• _WHAT TO PRODUCE_
Output each entry below as it stands, leaving out every picture.

───── PROVIDED MATERIAL ─────

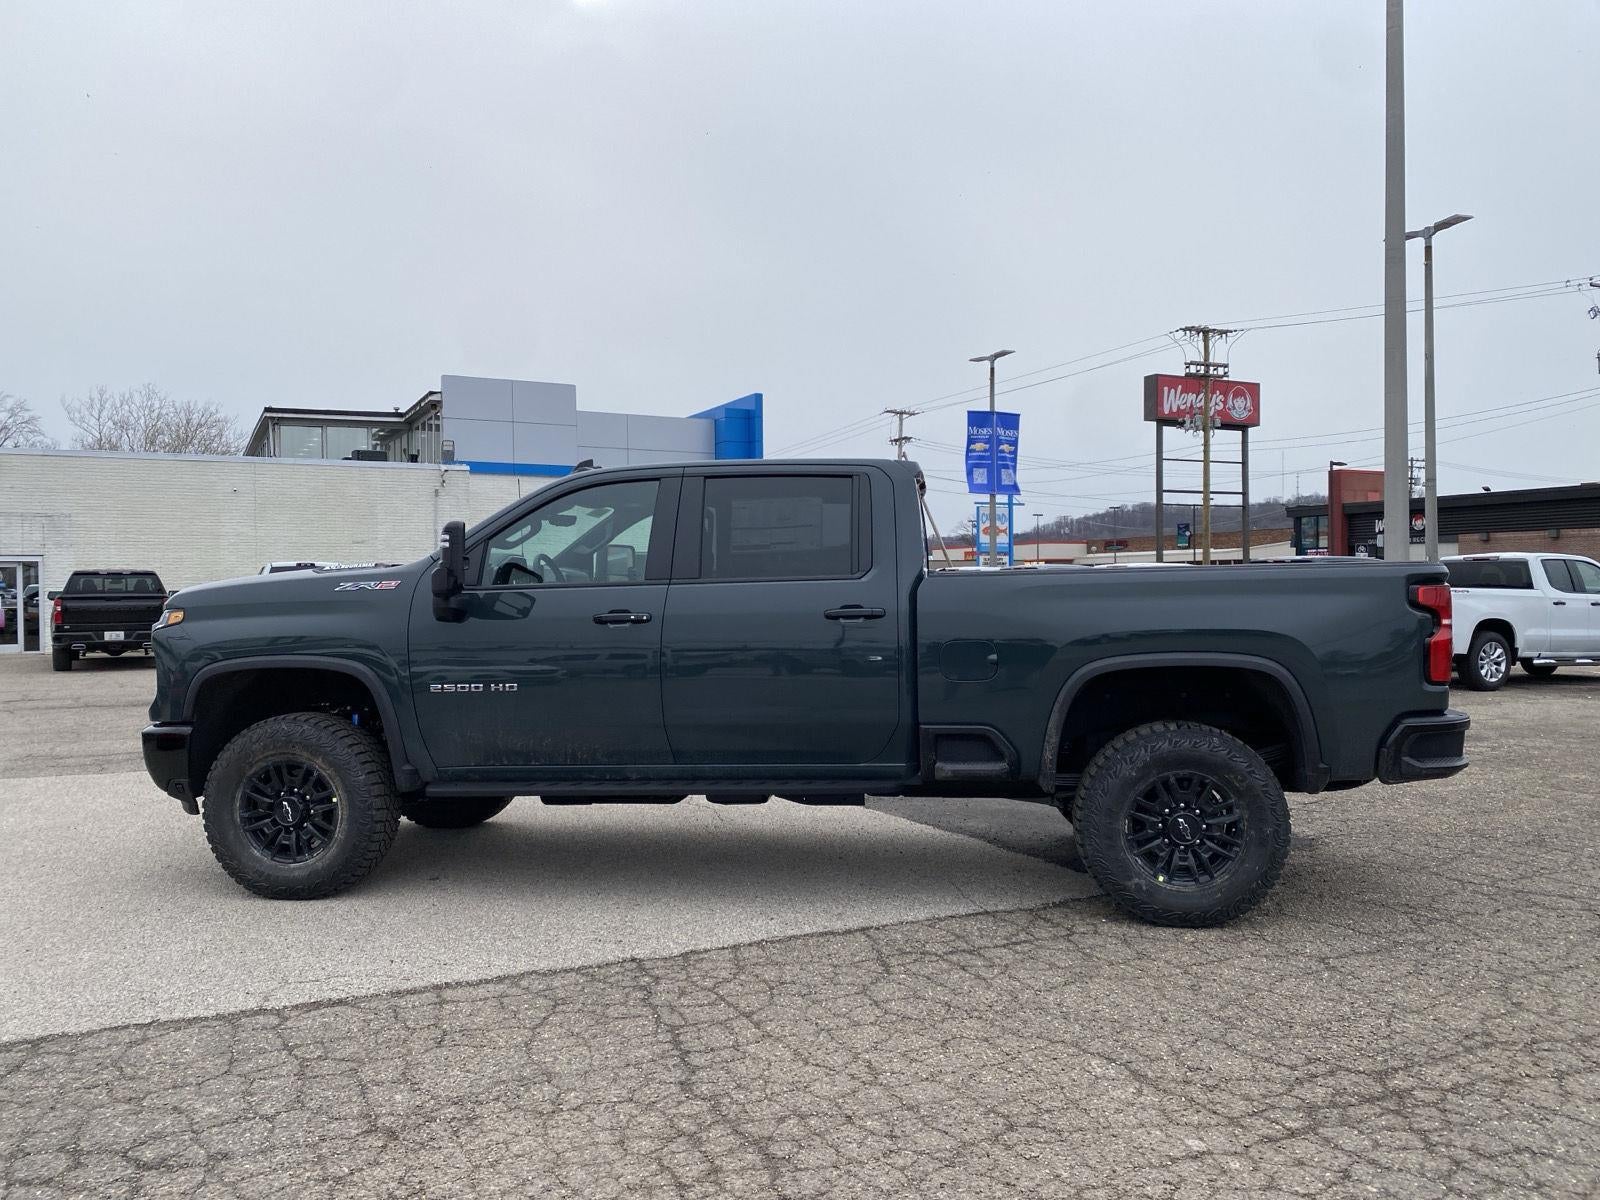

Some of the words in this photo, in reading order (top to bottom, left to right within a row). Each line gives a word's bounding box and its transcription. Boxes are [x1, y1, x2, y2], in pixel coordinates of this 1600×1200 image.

[968, 426, 992, 435] MOSES
[334, 580, 401, 591] ZR2
[429, 683, 484, 692] 2500
[490, 683, 518, 692] HD
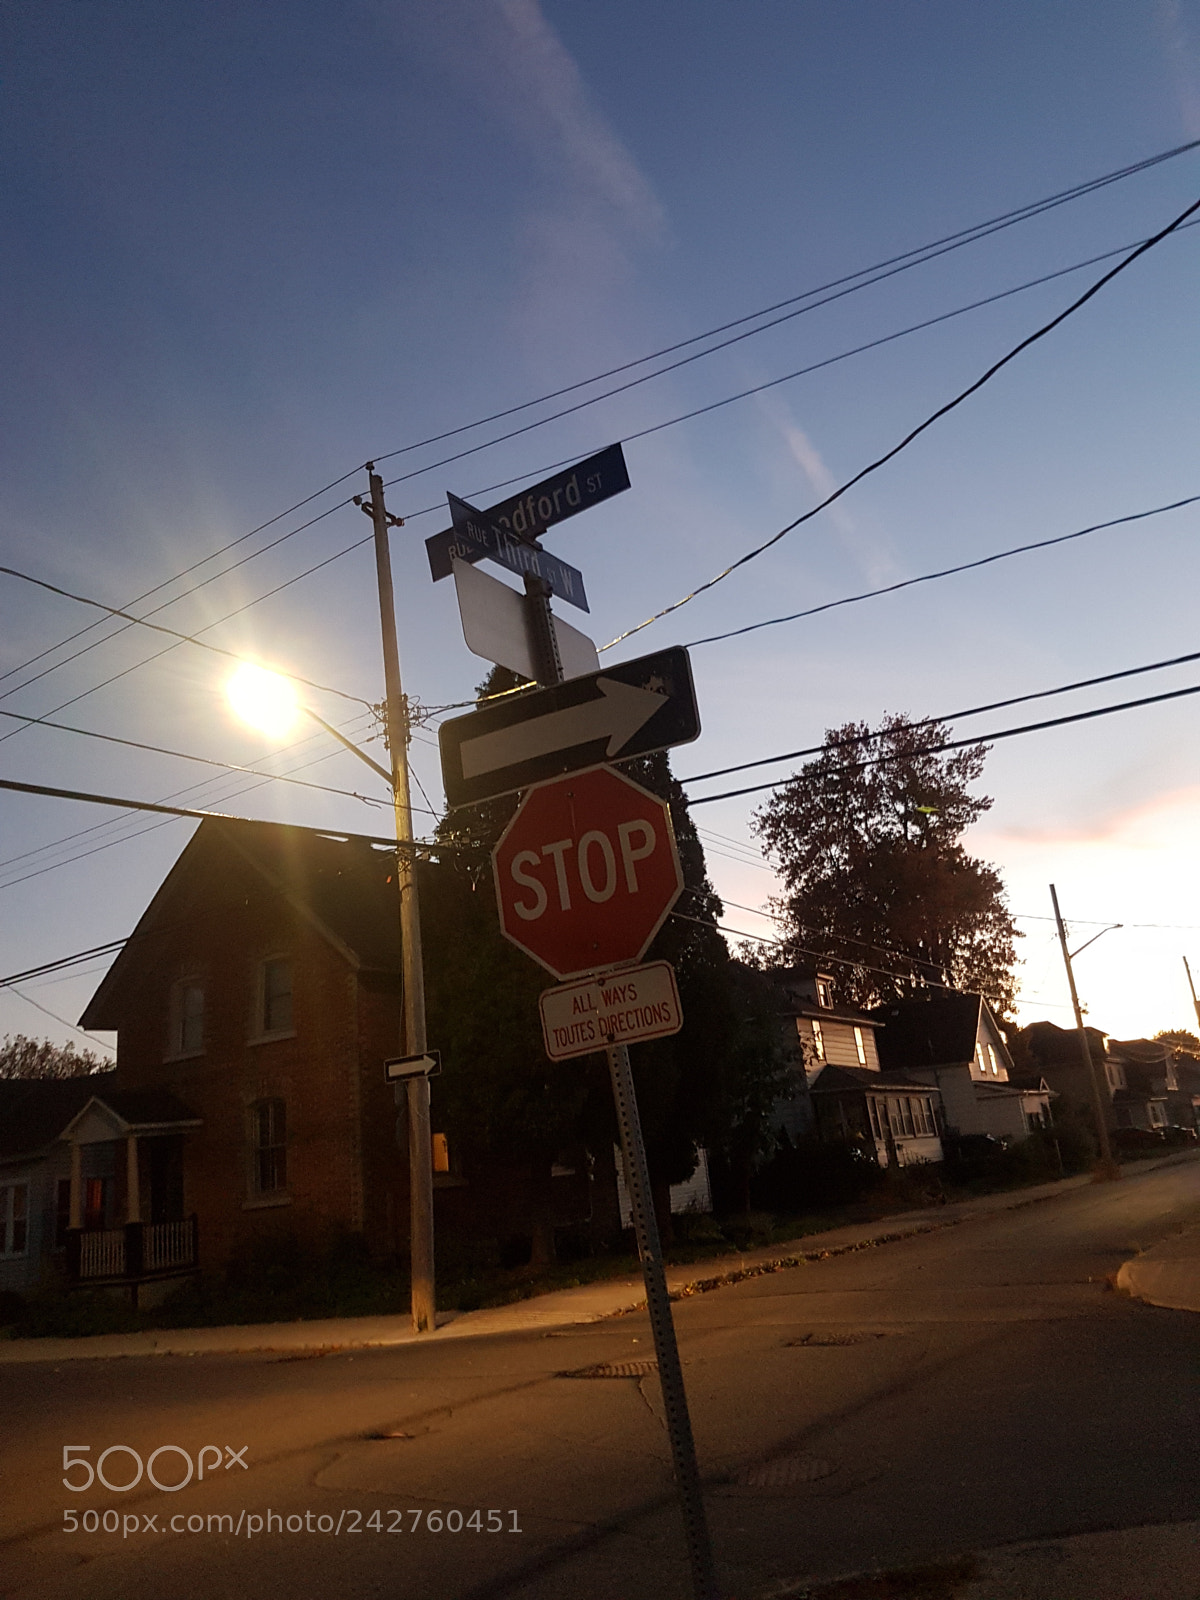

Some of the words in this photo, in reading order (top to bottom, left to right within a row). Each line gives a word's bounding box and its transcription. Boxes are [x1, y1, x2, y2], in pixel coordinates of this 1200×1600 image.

[498, 473, 582, 534] dford
[586, 473, 602, 493] ST
[466, 521, 490, 547] RUE
[491, 525, 543, 578] Third
[559, 565, 574, 597] W
[511, 819, 656, 921] STOP
[553, 1020, 595, 1048] TOUTES
[598, 1002, 671, 1037] DIRECTIONS
[572, 993, 597, 1015] ALL
[601, 983, 638, 1007] WAYS
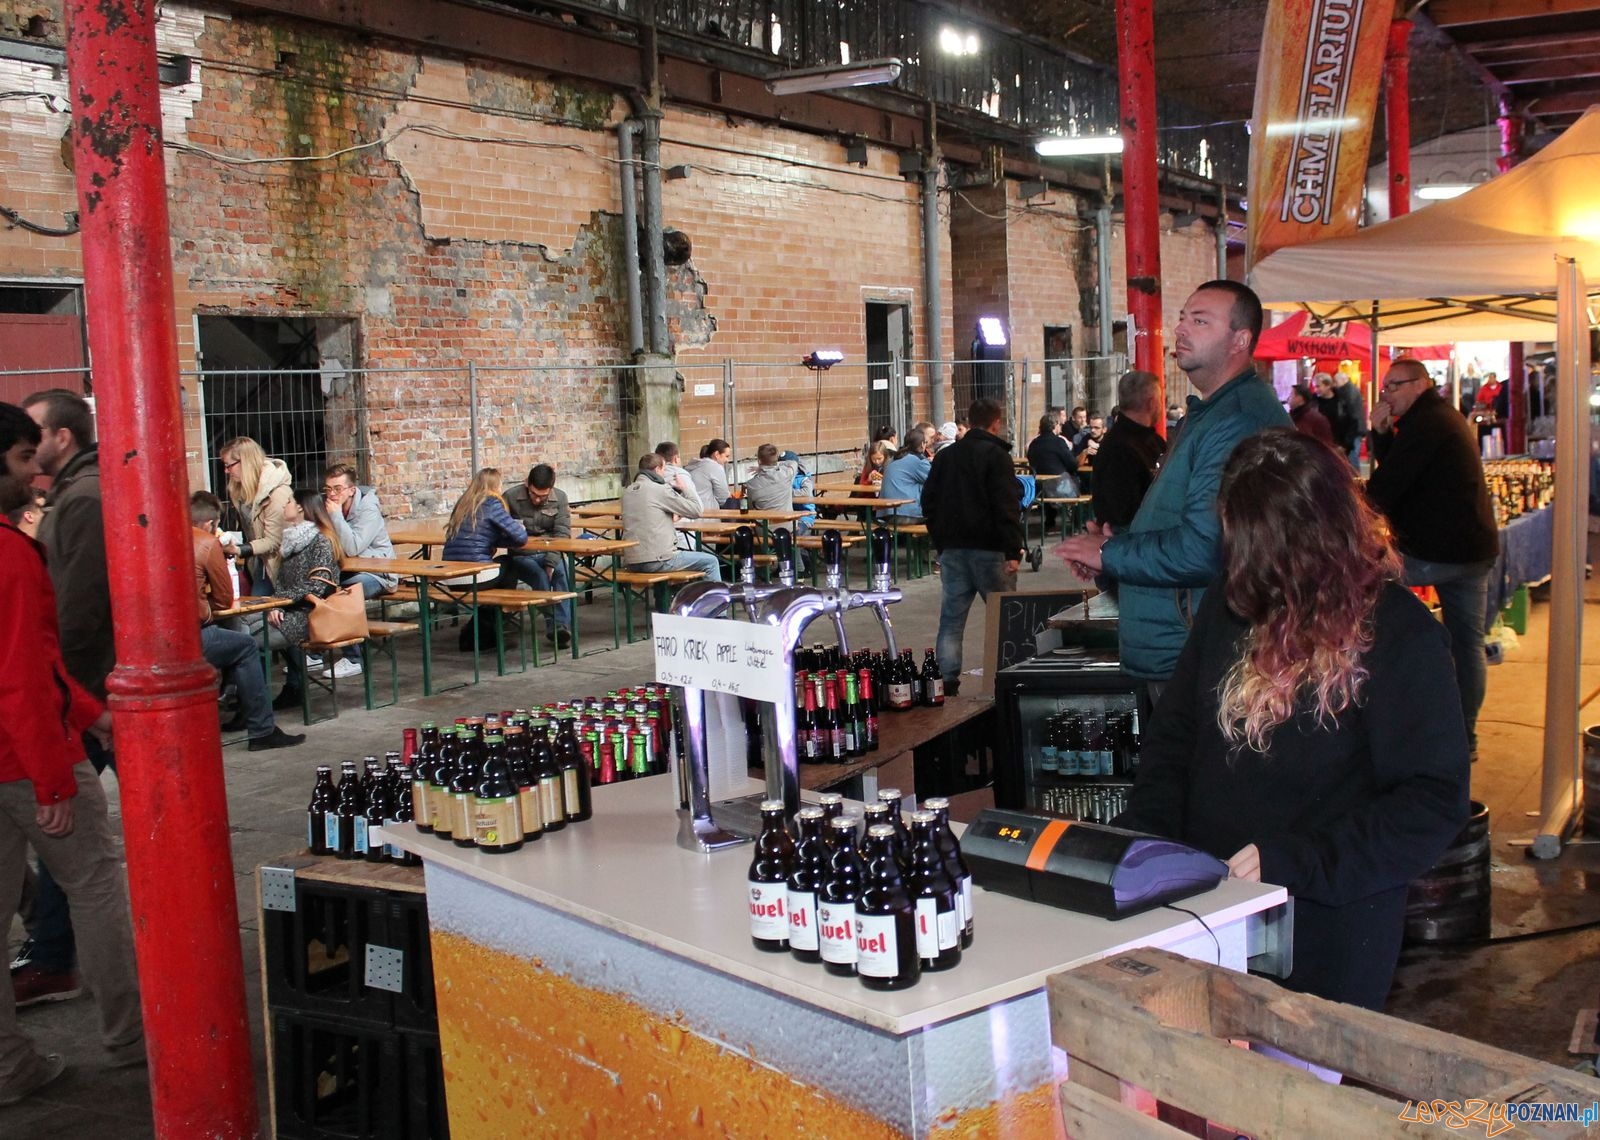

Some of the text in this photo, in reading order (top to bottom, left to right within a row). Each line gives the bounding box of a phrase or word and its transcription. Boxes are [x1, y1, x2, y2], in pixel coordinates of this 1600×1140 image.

[656, 636, 678, 657] FARO
[684, 639, 709, 663] KRIEK
[716, 643, 738, 663] APPLE
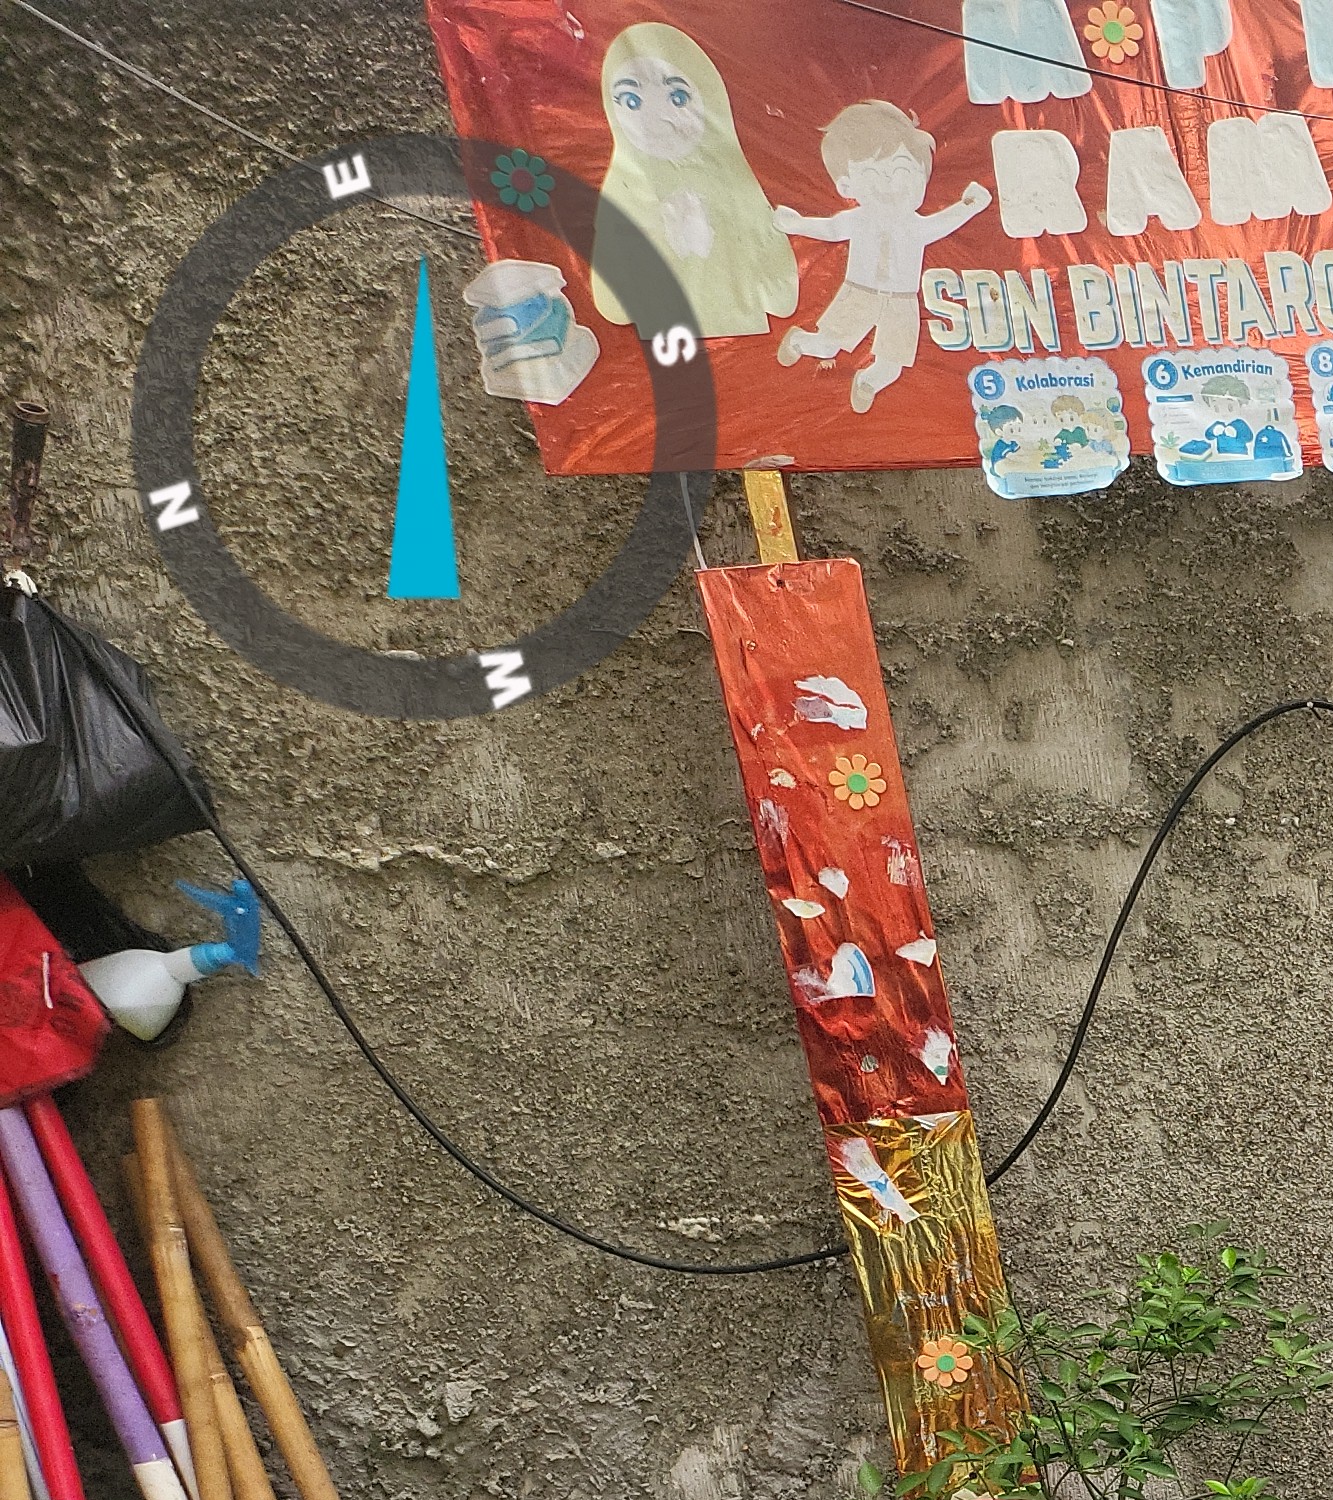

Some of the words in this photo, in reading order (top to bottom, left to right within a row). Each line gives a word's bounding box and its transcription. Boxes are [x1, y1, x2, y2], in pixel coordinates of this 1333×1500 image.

─────

• _WRITTEN ANSWER_
Some of the words in this photo, in reading order (top to bottom, left to right within a row). Each line gives a word's bounding box and its transcription. Boxes are [x1, y1, x2, y2], in pixel coordinates of this 1600×1200 image.

[968, 426, 992, 435] MOSES
[334, 580, 401, 591] ZR2
[429, 683, 484, 692] 2500
[490, 683, 518, 692] HD

Some of the words in this photo, in reading order (top to bottom, left to right within a row). Each line gives a word's bounding box and its transcription. Boxes are [x1, y1, x2, y2], in pixel coordinates of this 1200×1600 image.

[498, 473, 582, 534] dford
[586, 473, 602, 493] ST
[466, 521, 490, 547] RUE
[491, 525, 543, 578] Third
[559, 565, 574, 597] W
[511, 819, 656, 921] STOP
[553, 1020, 595, 1048] TOUTES
[598, 1002, 671, 1037] DIRECTIONS
[572, 993, 597, 1015] ALL
[601, 983, 638, 1007] WAYS

Some of the text in this photo, in reading order (top to bottom, left to right within a row). Each line gives the bounding box of a phrase or word and its transcription. Boxes are [x1, y1, x2, y2], in pixel coordinates of this 1600×1140 image.

[656, 636, 678, 657] FARO
[684, 639, 709, 663] KRIEK
[716, 643, 738, 663] APPLE

Some of the words in this photo, in reading order (top to bottom, left to right within a row). Each line gives a word's bounding box and its transcription. Boxes are [x1, y1, x2, y2], in pixel coordinates of this 1333×1500 image.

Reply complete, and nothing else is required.